Pubdate: Sat, 09 Jul 2016
Source: Los Angeles Times (CA)
Copyright: 2016 Los Angeles Times
Author: Patrick McGreevy


Parker Adds Another $1.25 Million to the Proposition 64 Effort.

Former Facebook President Sean Parker has put another $1.25 million 
into the campaign for Proposition 64, the initiative to legalize the 
recreational use of marijuana in California, bringing his total 
contributions to $2.5 million, according to records released Thursday.

The latest donation by the billionaire tech titan was reported to the 
secretary of state by the initiative's campaign committee, 
Californians to Control, Regulate and Tax Adult Use of Marijuana 
While Protecting Children.

If approved by voters Nov. 8, the ballot measure would allow adults 
21 and older to possess, transport and use up to an ounce of cannabis 
for recreational purposes and would allow individuals to grow as many 
as six plants.
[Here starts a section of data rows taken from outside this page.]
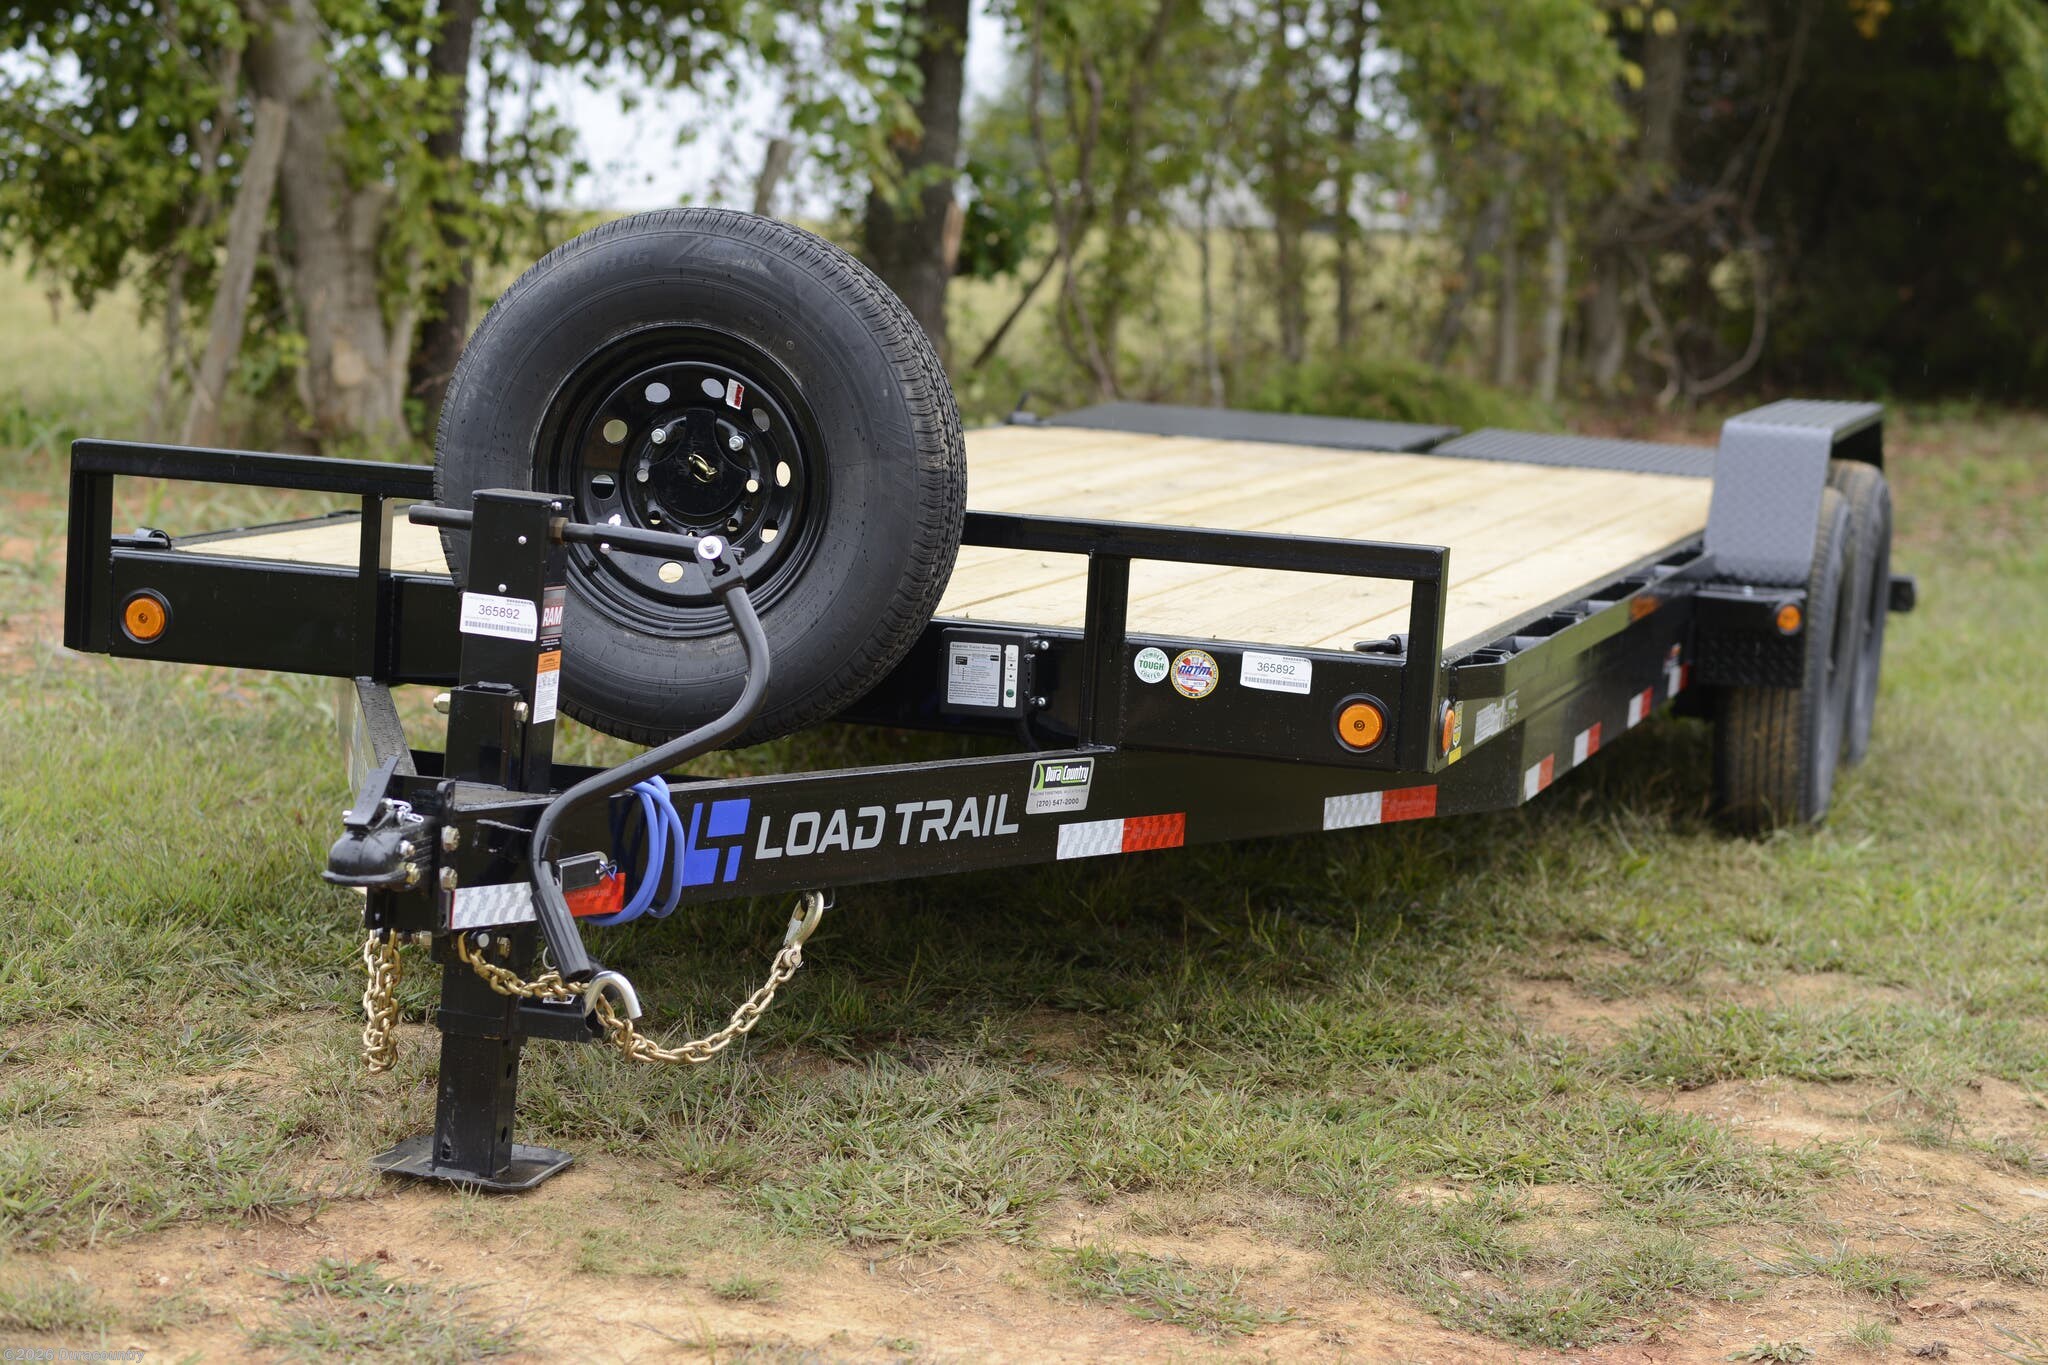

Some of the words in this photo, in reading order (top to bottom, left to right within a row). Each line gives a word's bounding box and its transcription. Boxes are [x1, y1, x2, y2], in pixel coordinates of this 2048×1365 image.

[478, 604, 521, 620] 365892
[542, 606, 563, 627] RAM
[1139, 660, 1164, 671] TOUGH
[1256, 662, 1296, 676] 365892
[1045, 766, 1062, 782] Dura
[1062, 764, 1089, 783] Country
[1036, 799, 1051, 808] (270)
[754, 805, 886, 861] LOAD
[894, 793, 1020, 846] TRAIL
The measure would also impose a 15% tax on retail 
sales of the drug.

Parker has emerged as the biggest donors to the campaign, which has 
raised $5 million, much of it spent on a petition drive to qualify 
the measure for the ballot.

A controversial figure, Parker left as Facebook's first president in 
2005 after a cocaine-related arrest, though he was not charged with a crime.
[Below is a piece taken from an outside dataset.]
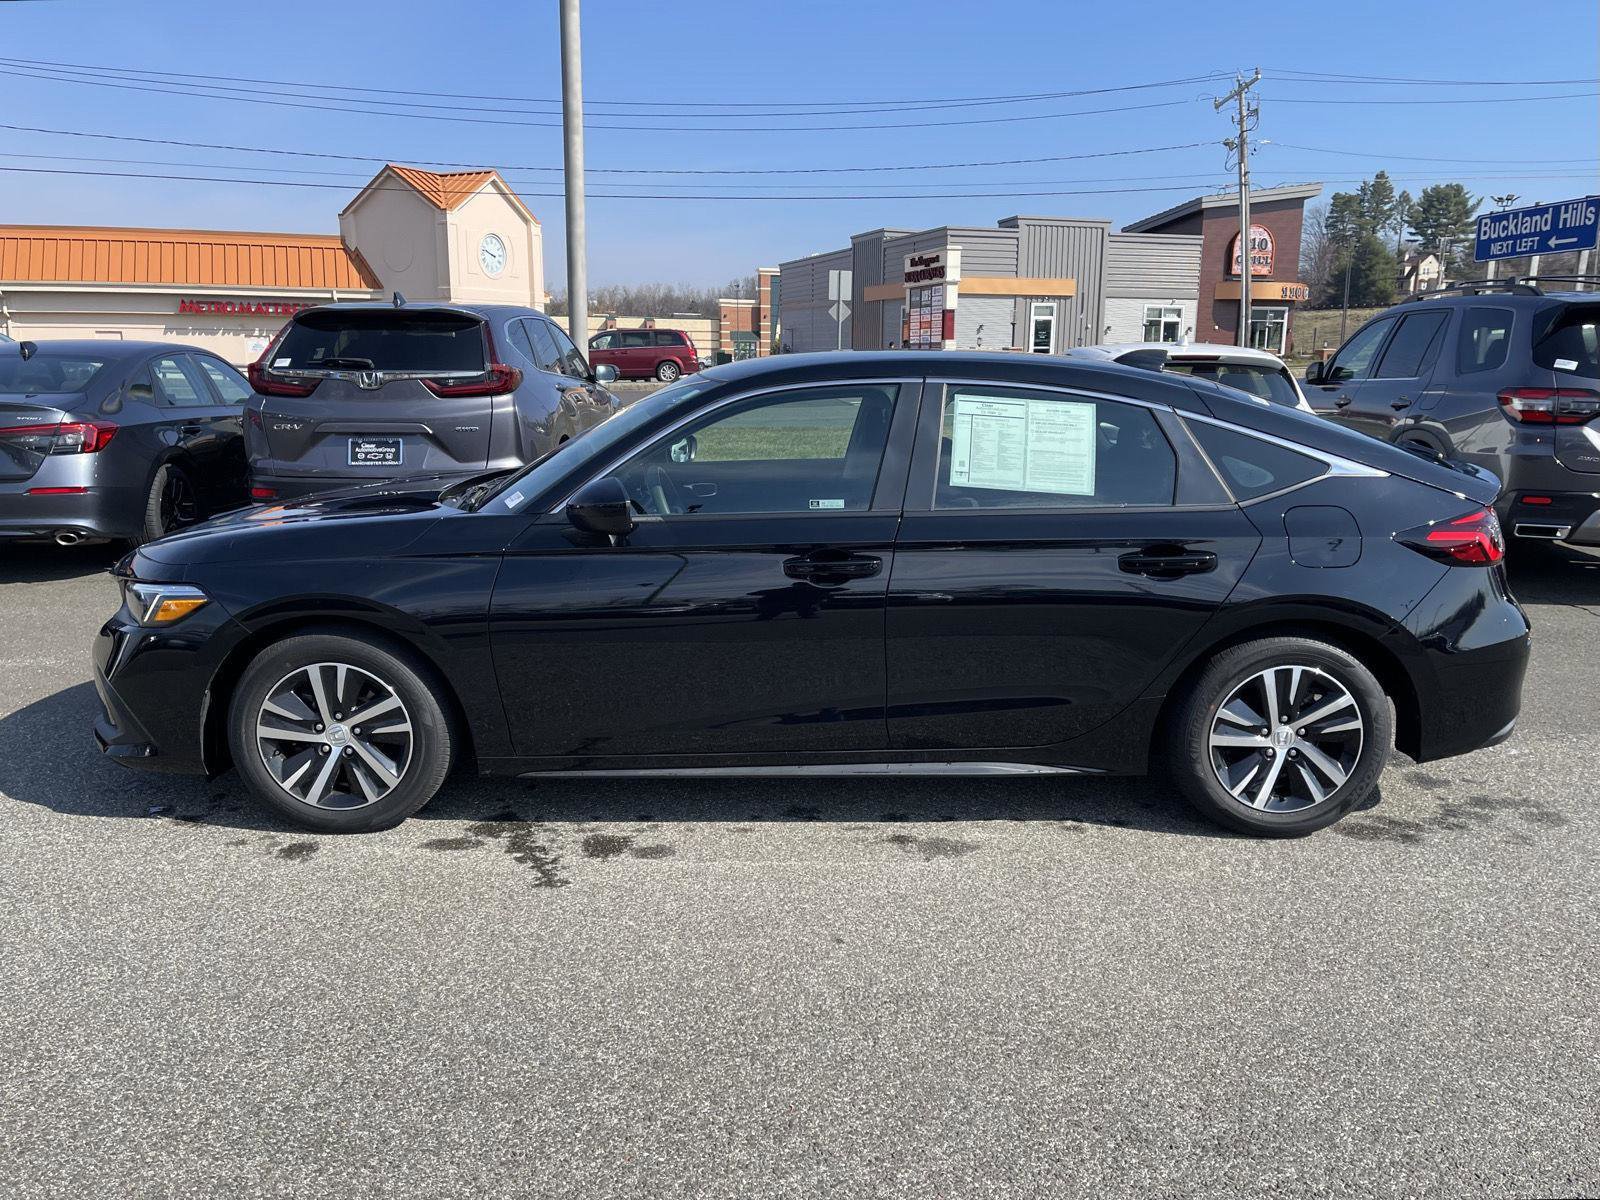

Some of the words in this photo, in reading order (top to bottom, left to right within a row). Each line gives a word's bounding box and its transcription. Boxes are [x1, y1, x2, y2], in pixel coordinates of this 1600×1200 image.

The opposition to the measure is led by the Coalition for Responsible 
Drug Policies, which has raised about $125,000 from groups including 
the Assn. of Los Angeles Deputy Sheriffs State PAC and the Los 
Angeles County Professional Peace Officers Assn.

Wayne Johnson, the lead strategist for the campaign against 
Proposition 64, said that supporters including Parker expect to make 
money if the initiative passes, something a Parker representative denied.
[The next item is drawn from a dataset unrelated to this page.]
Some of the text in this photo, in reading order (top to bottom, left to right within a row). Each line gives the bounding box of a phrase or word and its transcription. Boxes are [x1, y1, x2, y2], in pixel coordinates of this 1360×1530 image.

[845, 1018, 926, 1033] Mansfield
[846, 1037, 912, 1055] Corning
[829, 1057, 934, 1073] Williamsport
"Sean Parker didn't make a contribution; he made a business 
investment that he expects to pay off," Johnson said. "And why 
shouldn't it? The initiative practically eliminates his competition 
by decimating the medical marijuana provider network. This is 
strictly a big-business monopoly model that permits a single company 
to control growing, manufacturing and distribution."

Jason Kinney, a spokesman for the pro-legalization campaign, said the 
criticism is misplaced.

Parker "has no investment or interest in the marijuana industry nor 
any plans to enter it," Kinney said. "He's supportive because he is a 
social justice advocate. Like pretty much everything the opposition 
tries to throw at us, this is Jell-O that doesn't stick."

Kinney also disputed that the measure would lead to a monopoly.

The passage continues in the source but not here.